■ **ASSIGNMENT**:
Pictures are to be left out, and every entry repeated exactly.

■ **DATASET RECORDS**:
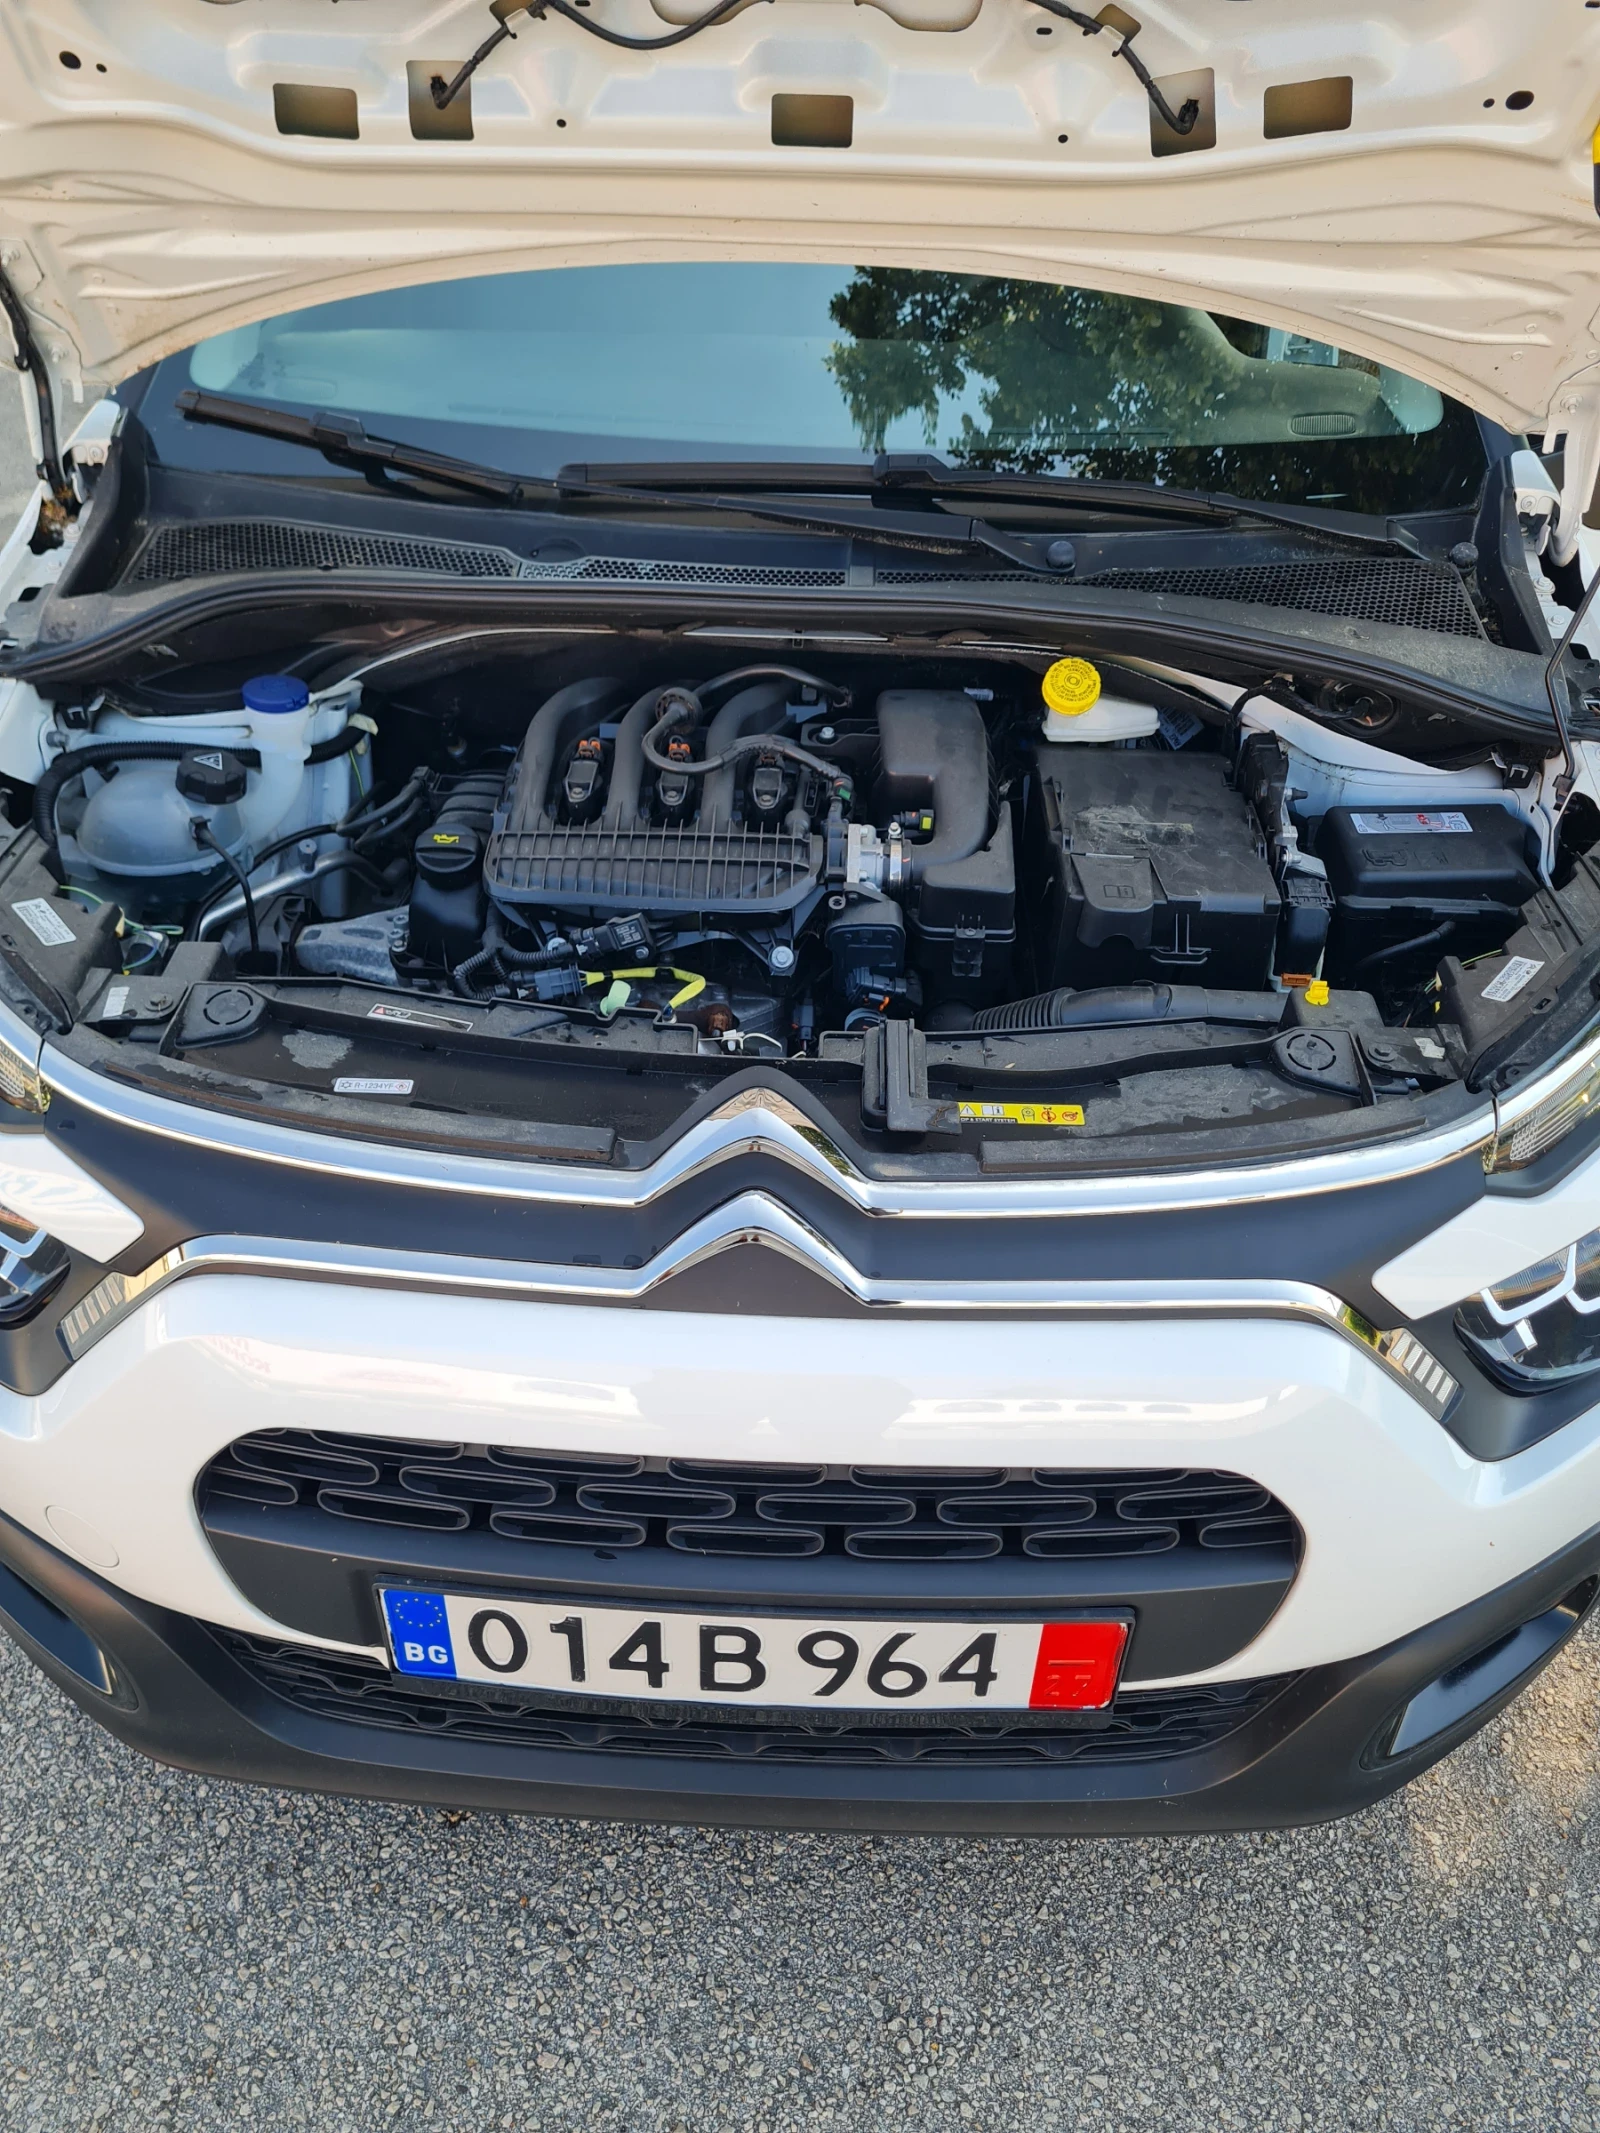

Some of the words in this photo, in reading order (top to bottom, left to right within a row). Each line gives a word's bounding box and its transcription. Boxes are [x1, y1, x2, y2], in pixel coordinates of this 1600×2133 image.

[354, 1082, 395, 1090] R-1234YF
[403, 1641, 449, 1665] BG
[468, 1609, 670, 1688] 014
[700, 1625, 766, 1692] B
[797, 1631, 998, 1698] 964

■ **OUTPUT FOR THIS TASK**:
Some of the words in this photo, in reading order (top to bottom, left to right within a row). Each line gives a word's bounding box and its transcription. Boxes are [x1, y1, x2, y2], in pixel coordinates of this 1600×2133 image.

[354, 1082, 395, 1090] R-1234YF
[403, 1641, 449, 1665] BG
[468, 1609, 670, 1688] 014
[700, 1625, 766, 1692] B
[797, 1631, 998, 1698] 964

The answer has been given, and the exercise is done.